Molly was not too proud of what she intended to do now, because she liked the boy. She thought him to be a cut above the other gentry she had come across, but she made herself recall an old saying of Sal’s – one which she often used to excuse her more unsavoury activities: when needs must, the devil pays, was what Sal would claim in her own defence. It was what Molly told herself now, as she sped through Mill Hill and on towards the outlying fields. She had a rough idea that she was heading in the right direction. Anyway, Breckleton House shouldn’t be too difficult to find.
‘Get away from here, yer little ruffian!’ Cook had been summoned to the kitchen door by Molly’s insistent knocking, and she was not too pleased at the sight of a filthy little urchin standing there. ‘There’s misery enough in this house today . . . wi’out us being bothered by beggars!’ She would have slammed the door in Molly’s face, but when she was told, ‘Justice Crowther’s grandson ain’t dead. I’ve got him!’ Cook hesitated, just long enough for Molly to blurt out, ‘He’s got dark eyes the colour of emeralds . . . and he can’t swim.’
‘How do yer know that?’ Cook demanded, inching the door open, yet not coming back out. ‘An’ when did a filthy little baggage the likes o’ you see the colour of ’is eyes, eh?’ There was no doubt she was intrigued, because it was true that the young master had never learned to swim. There had been arguments about it between his mother, who saw it as being unnecessary, and his father, who claimed that every boy should be given the opportunity to learn to swim, especially when he might follow in his father’s footsteps and be a sailor. Martha Trent’s reply had been a caustic one, ‘I shall never let him be a sailor!’ From there, the argument had raged on.

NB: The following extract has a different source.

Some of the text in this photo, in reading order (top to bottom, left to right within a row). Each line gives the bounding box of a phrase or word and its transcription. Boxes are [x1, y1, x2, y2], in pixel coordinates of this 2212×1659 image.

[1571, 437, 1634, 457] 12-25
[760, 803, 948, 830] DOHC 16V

‘How d’yer know all this?’ insisted Cook, keeping her sizeable frame secure behind the door.
‘I know . . . because he fell in the canal and I saved him from drowning,’ replied Molly, beginning to take the shoe from her pocket. ‘He wasn’t the one who was run over and killed. I reckon as it was another fellow altogether. I don’t know if it were a rogue or a gentry, but it weren’t Edward Trent, I’m telling you, missus. Because I’ve got Justice Crowther’s grandson, hidden away and safe enough.’ She brought the shoe with the shiny buckle from her pocket, and when Cook saw it, she nearly fainted. ‘Oh, upon my word . . . it’s the young master’s boot!’ she cried, flinging the door open and making a grab for it.
‘Oh, no you don’t!’ warned Molly, immediately dodging backwards and remaining at a safe distance. ‘I ain’t giving this shoe to nobody . . . anyway, not till you fetch the lady of the house. Don’t fetch the Justice, because I’ll not tell him nothing! I’ll only do business with the lady of the house.’ Molly had never forgotten Sal’s warning concerning Justice Crowther, and the very idea of being confronted by the fellow himself made her shiver in her boots.

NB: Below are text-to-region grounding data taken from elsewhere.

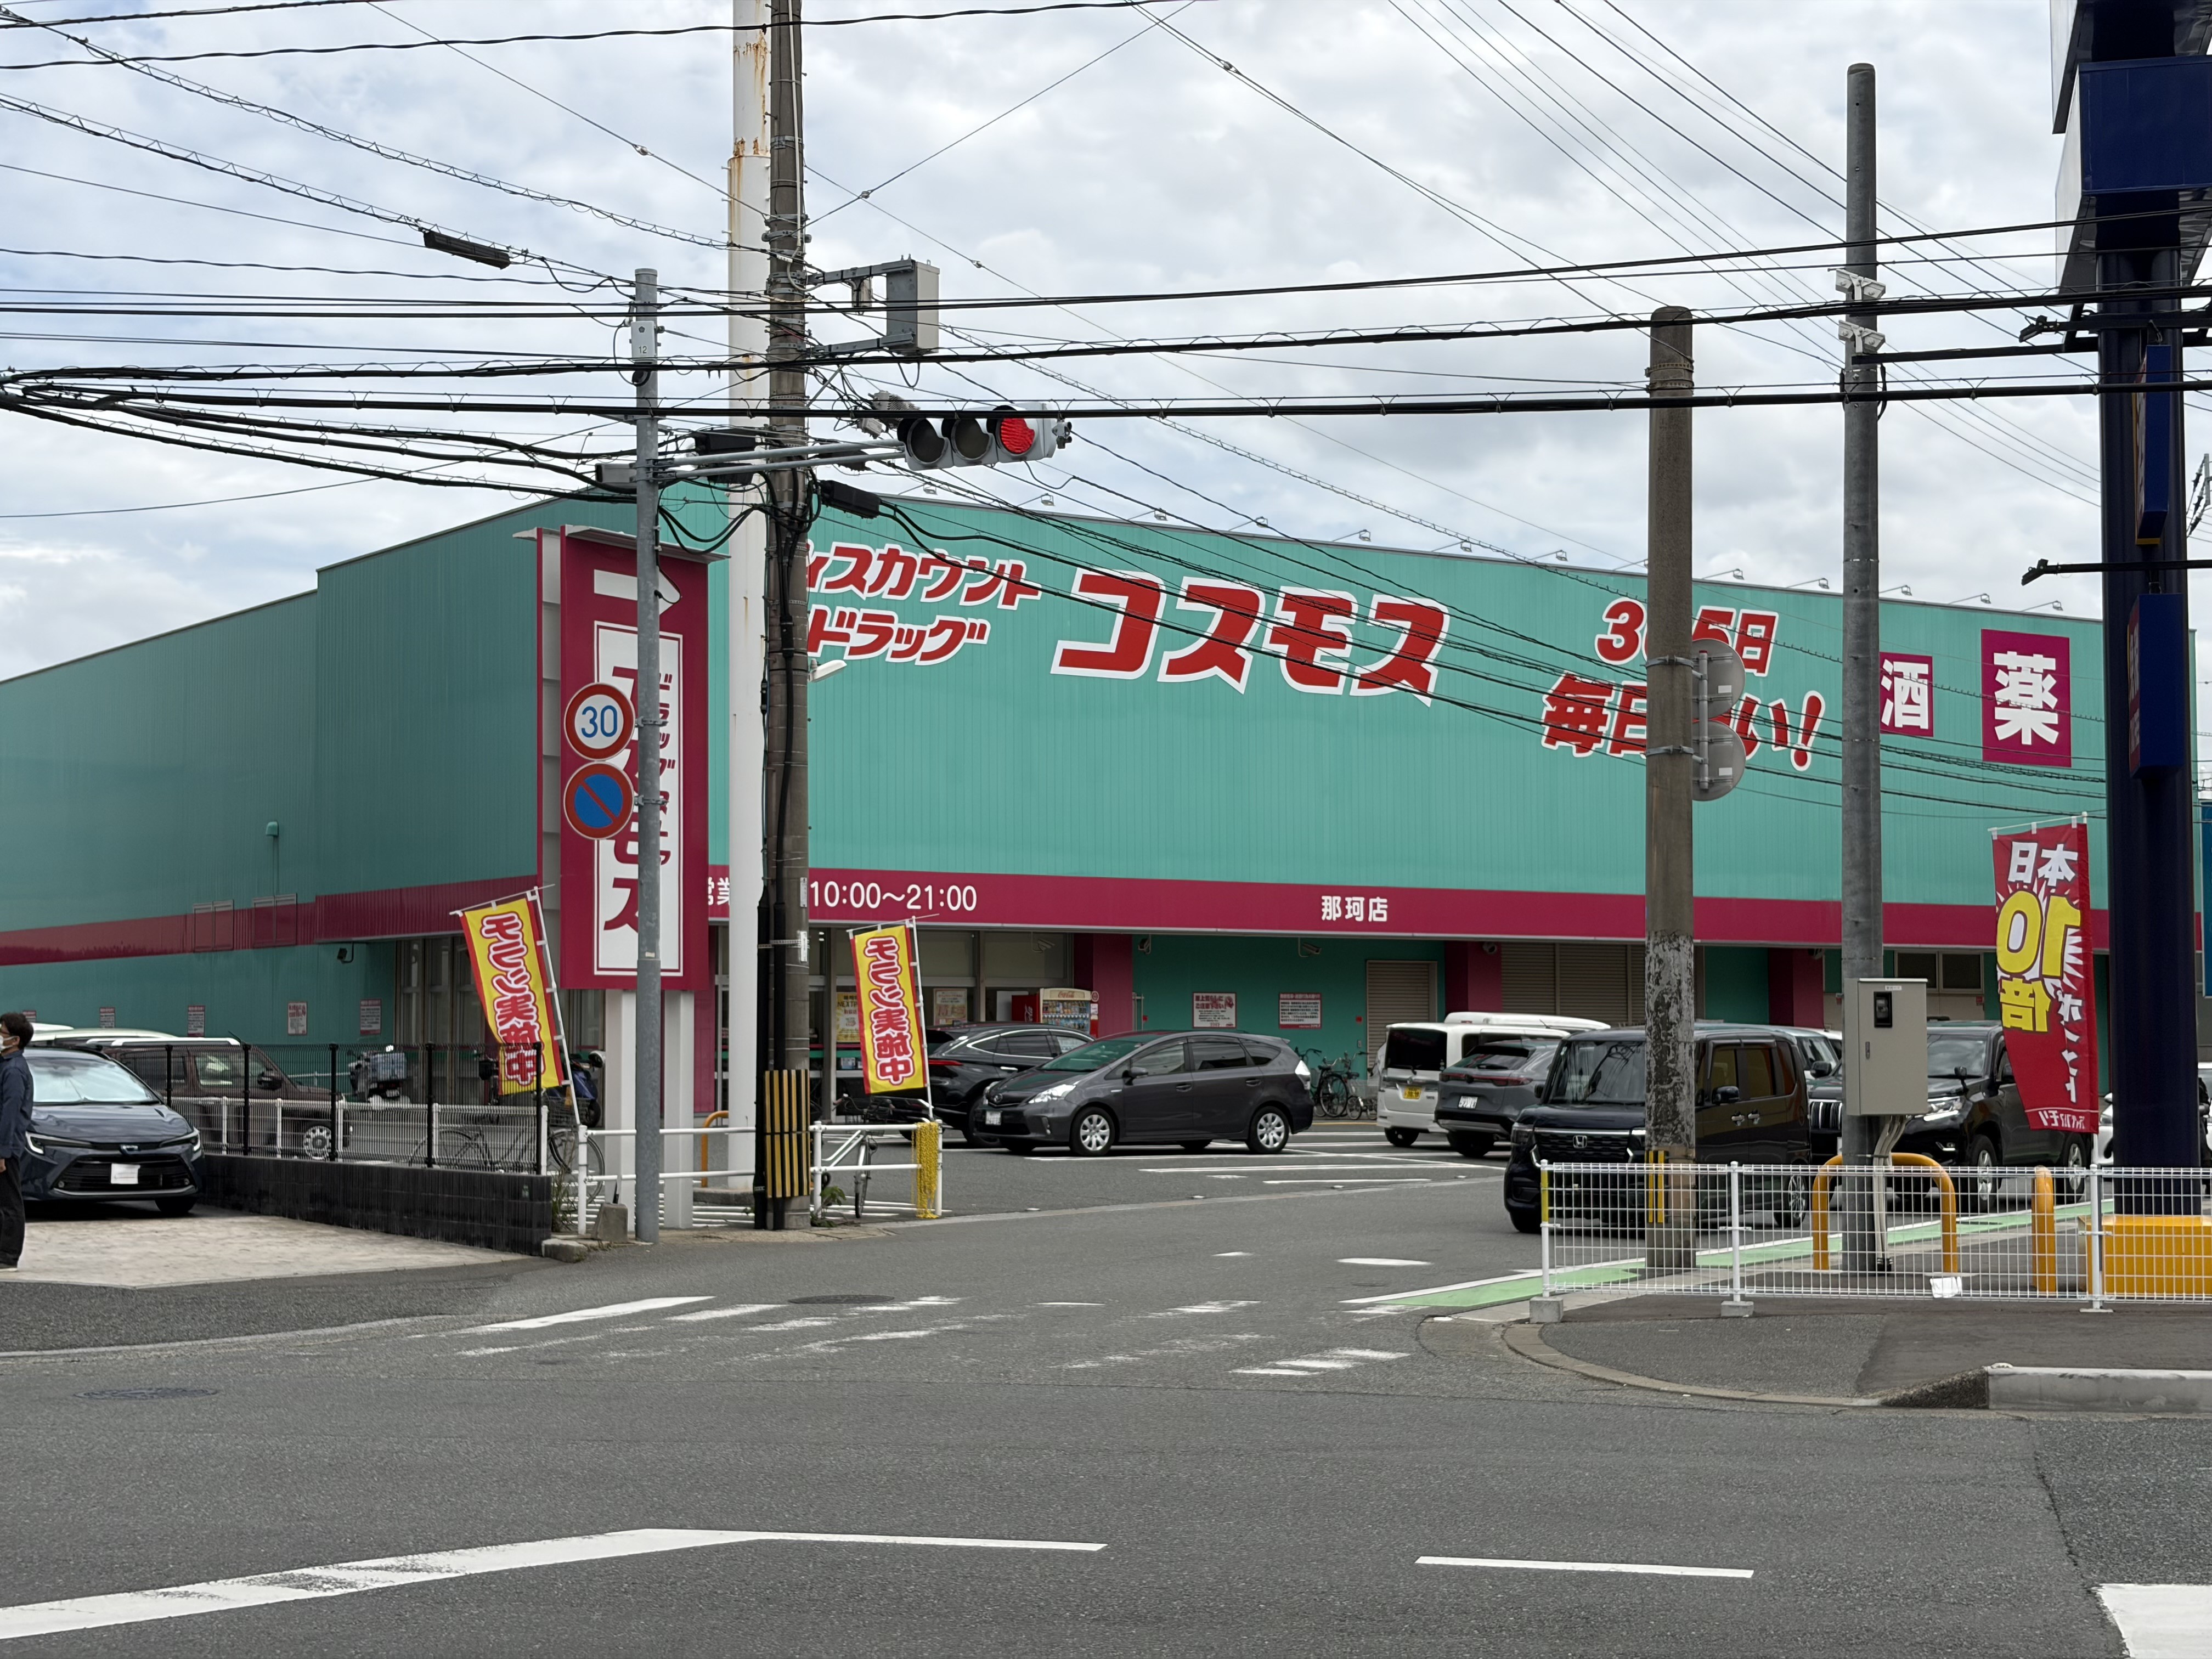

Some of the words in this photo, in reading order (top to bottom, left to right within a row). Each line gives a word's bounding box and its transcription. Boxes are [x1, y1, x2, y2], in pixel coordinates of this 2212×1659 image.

[806, 539, 1041, 610] ィスカウント
[808, 605, 991, 665] ドラッグ
[1050, 567, 1450, 707] コスモス
[1595, 597, 1779, 677] 35日
[581, 705, 618, 738] 30
[1541, 670, 1825, 771] 毎日い!
[1881, 659, 1929, 730] 酒
[1994, 651, 2059, 745] 薬
[1321, 895, 1388, 922] 那珂店

‘As it happens, yer little dirty baggage . . . there’s only the mistress and the boy’s mother here. The Justice is at the undertakers, making final arrangements.’ She rolled her eyes upwards and made the sign of the cross on herself.

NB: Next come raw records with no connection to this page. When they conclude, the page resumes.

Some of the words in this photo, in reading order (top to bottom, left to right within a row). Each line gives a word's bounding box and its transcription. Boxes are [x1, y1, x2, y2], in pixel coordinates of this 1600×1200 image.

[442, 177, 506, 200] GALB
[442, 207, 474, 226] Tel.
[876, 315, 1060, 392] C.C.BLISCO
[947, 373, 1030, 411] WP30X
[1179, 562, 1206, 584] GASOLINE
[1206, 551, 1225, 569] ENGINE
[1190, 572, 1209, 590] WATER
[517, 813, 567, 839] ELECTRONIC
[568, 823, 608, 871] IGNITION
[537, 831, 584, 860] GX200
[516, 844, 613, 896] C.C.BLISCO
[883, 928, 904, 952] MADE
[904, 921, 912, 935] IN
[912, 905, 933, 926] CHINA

‘In that case, he’s making final arrangements for somebody else,’ Molly reminded her, ‘because I’ve got his grandson safe, I’m telling you. Now . . . if you’d be so kind as to fetch her ladyship?’
‘You cheeky little madam!’ snorted Cook. For two pins she would have brought Thomas to see the little wretch off down the road, but there was too much in what the girl said. Cook felt it was more than her life was worth to ignore the evidence of the shoe and all. ‘Wait here. I’ll see if the mistress is interested in what you have to say . . . but let me warn you: if you’re here to cause mischief, you’ll be given every opportunity to explain it to the authorities!’
When the door swung to, leaving Molly staring at the grotesque brass gargoyle which served as a knocker, she put out her tongue at it. She went to the window, where she pulled herself up by the wall and sat on the deep stone window-ledge, swinging her skinny legs back and forth, and waited somewhat nervously for the lady of the house to emerge.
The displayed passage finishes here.